- Opening Delimiter -

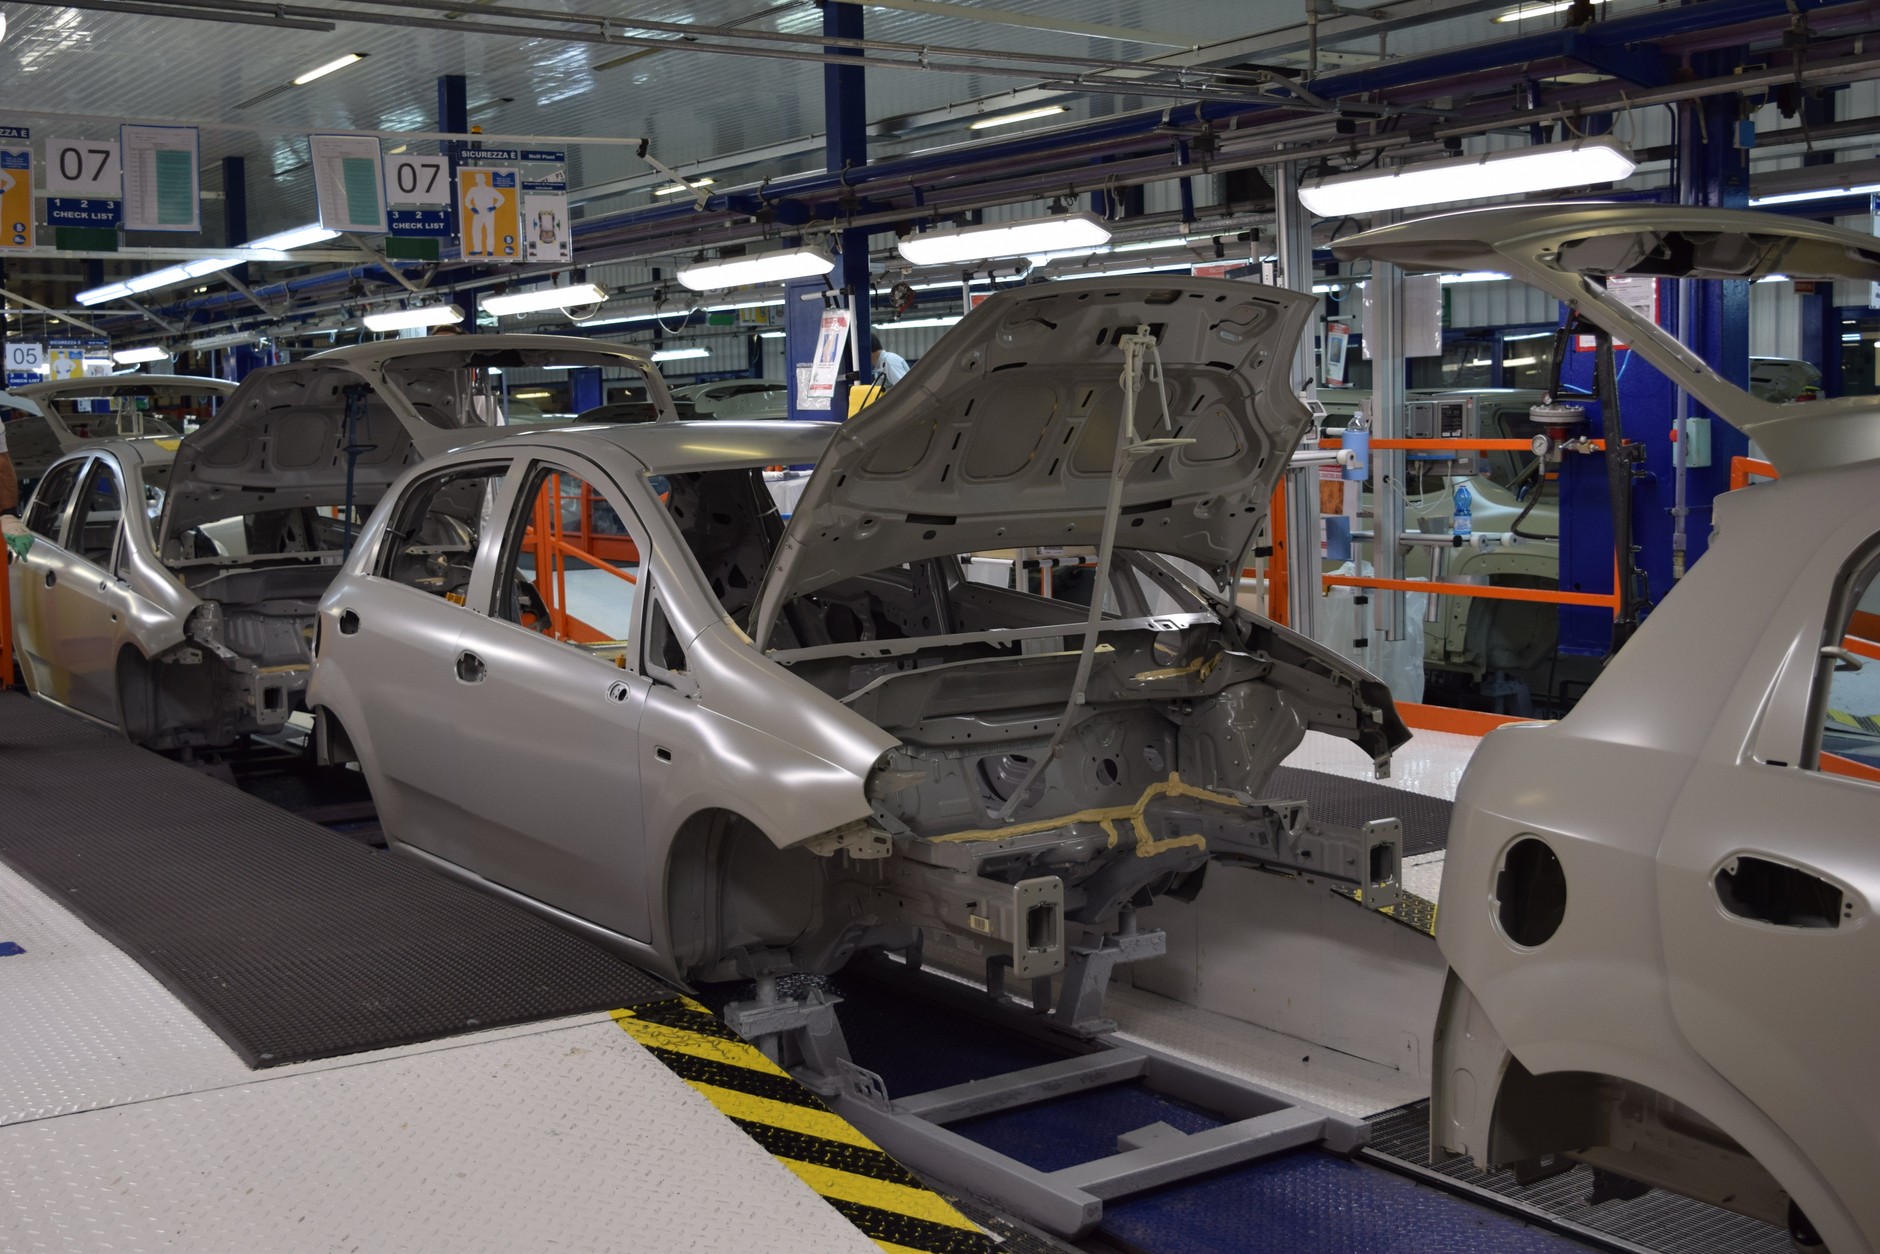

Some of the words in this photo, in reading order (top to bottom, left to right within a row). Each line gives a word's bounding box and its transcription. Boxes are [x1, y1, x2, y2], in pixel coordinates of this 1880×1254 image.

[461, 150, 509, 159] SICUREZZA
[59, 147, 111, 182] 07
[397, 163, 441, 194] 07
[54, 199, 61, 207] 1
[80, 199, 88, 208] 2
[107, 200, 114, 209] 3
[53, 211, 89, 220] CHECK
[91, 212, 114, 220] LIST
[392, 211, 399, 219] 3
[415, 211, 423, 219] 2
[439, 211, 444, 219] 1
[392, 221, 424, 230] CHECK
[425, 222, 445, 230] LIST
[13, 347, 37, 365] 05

- Closing Delimiter -

Although the records above contain pictures, only their text is to be repeated, exactly as given.

EXERCISE SOLUTION —
Some of the words in this photo, in reading order (top to bottom, left to right within a row). Each line gives a word's bounding box and its transcription. Boxes are [x1, y1, x2, y2], in pixel coordinates of this 1880×1254 image.

[461, 150, 509, 159] SICUREZZA
[59, 147, 111, 182] 07
[397, 163, 441, 194] 07
[54, 199, 61, 207] 1
[80, 199, 88, 208] 2
[107, 200, 114, 209] 3
[53, 211, 89, 220] CHECK
[91, 212, 114, 220] LIST
[392, 211, 399, 219] 3
[415, 211, 423, 219] 2
[439, 211, 444, 219] 1
[392, 221, 424, 230] CHECK
[425, 222, 445, 230] LIST
[13, 347, 37, 365] 05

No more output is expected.